It was too soon. I knew that, but there was no denying it.

I had fallen for him, and I’d fallen hard.

While I was concerned about why he’d left so suddenly, I was still practically beaming as I cleaned the kitchen.

He’d made quite a mess when making us pancakes, but I didn’t care.

The simple fact that he’d tried made my heart full.

I was putting the last of the dishes in the dishwasher when the front door opened. I thought it was just Bog coming in, so I said, “Oh, you really didn’t have to…”

My words trailed off the second I saw that it wasn’t Bog coming through the door. Instead, it was two men dressed in all black. They moved without noise or the slightest hesitation. There was no doubt that they were here for a reason, and I had a feeling that I was that reason.

When they spotted me, the taller of the two smiled like I was already in his hands. “There she is.”

His Russian accent was thick enough to cut with a blade. Deep, old, and guttural. I should have run. I should have screamed. But I didn’t move. I just stood there and stared at him, like a part of me was expecting their arrival.

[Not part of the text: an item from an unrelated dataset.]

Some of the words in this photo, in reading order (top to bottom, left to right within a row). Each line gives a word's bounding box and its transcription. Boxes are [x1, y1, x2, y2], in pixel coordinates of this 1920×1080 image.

I inhaled a deep breath, and the hem of Sergei’s shirt brushed my thighs. I almost laughed. I’d gotten a chill while cleaning and slipped on a pair of leggings. At least I wasn’t half-naked when they came for me. It was one piece of luck I could hold onto.

“Get shoes,” the second one ordered without looking at me.

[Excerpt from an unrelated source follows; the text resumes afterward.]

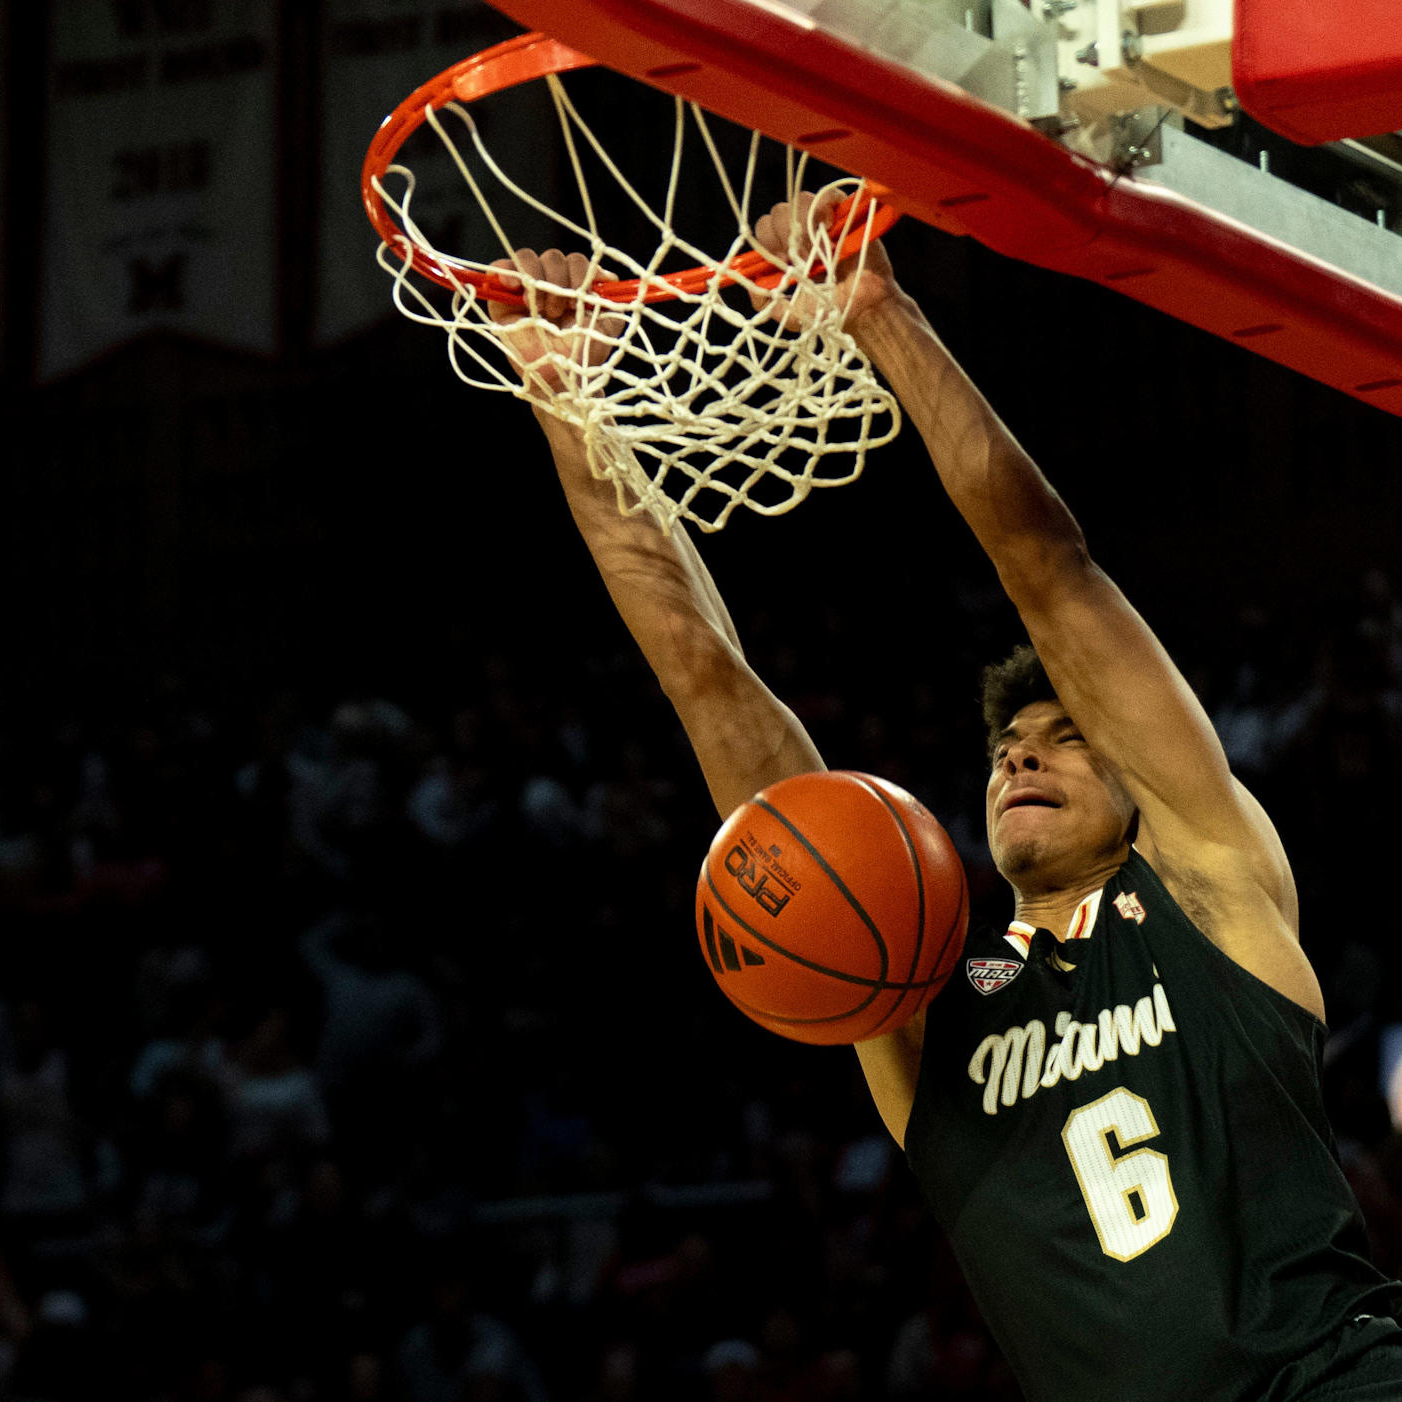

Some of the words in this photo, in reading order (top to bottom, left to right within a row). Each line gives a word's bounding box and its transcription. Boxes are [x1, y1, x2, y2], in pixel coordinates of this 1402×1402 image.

He was busy checking the room, making note of exits, cameras, and windows. I didn’t know who sent them, but it was clear they were professionals. I didn’t bother resisting. I knew there would be no getting away from them, so I went to the door to fetch my boots.

My hands barely shook as I slipped them on. No socks. No coat. They didn’t care. One of them took hold of my arm and tugged me out into the hall. They didn’t bother dragging me or binding my hands. One walked ahead and one behind, like they already knew I wouldn’t run.

We entered the elevator, and just as it was about to close, I noticed something over in the corner behind the artificial tree. I tilted my head, trying to get a better look, and that’s when I realized it was a body. And not just any body. It was Bog.

Strong, invincible Bog was crumpled on the ground in a pool of blood.

My heart sank.

He was killed because of me, and I couldn’t help but wonder who else would face a similar fate. I lowered my head, trying with all my might not to lose it, and when my chin brushed the collar of Sergei’s shirt collar, I caught a slight hint of his cologne.

It gave me a bit of solace to know that I might’ve been headed to my end, but at least I had a piece of him to take with me. In a blink, we were downstairs, and they were leading me toward a black SUV. One of them opened the back door and jerked his chin, silently ordering me to get in.

I climbed inside without a word.

The door slammed shut, sealing me in. Seconds later, they were both inside, and the engine rumbled to life. I kept my eyes trained ahead and tried to ignore my shaking hands. I knew it was bad. If they wanted me dead, they could’ve just killed me in the apartment.

It would be quick and clean, but they didn’t do that.

That meant they had a plan, and that plan involved me breathing. Torture came to mind first, and then they went downhill from there. I thought about Sergei and Viktor. Tabitha and Fury. I couldn’t help but wonder if they would come for them like they’d come for me.

Or worse.

What if I was simply the bait?

The fear that climbed up my spine was colder than anything Alek had ever made me feel. It led me to lean forward and ask, “Where are you taking me?”

One of them glanced back over his shoulder, then looked to his friend and laughed low and sinister. A feeling of dread and helplessness washed over me, and for a moment, I feared I might cry. But that’s what they wanted, and I wasn’t going to give them the satisfaction.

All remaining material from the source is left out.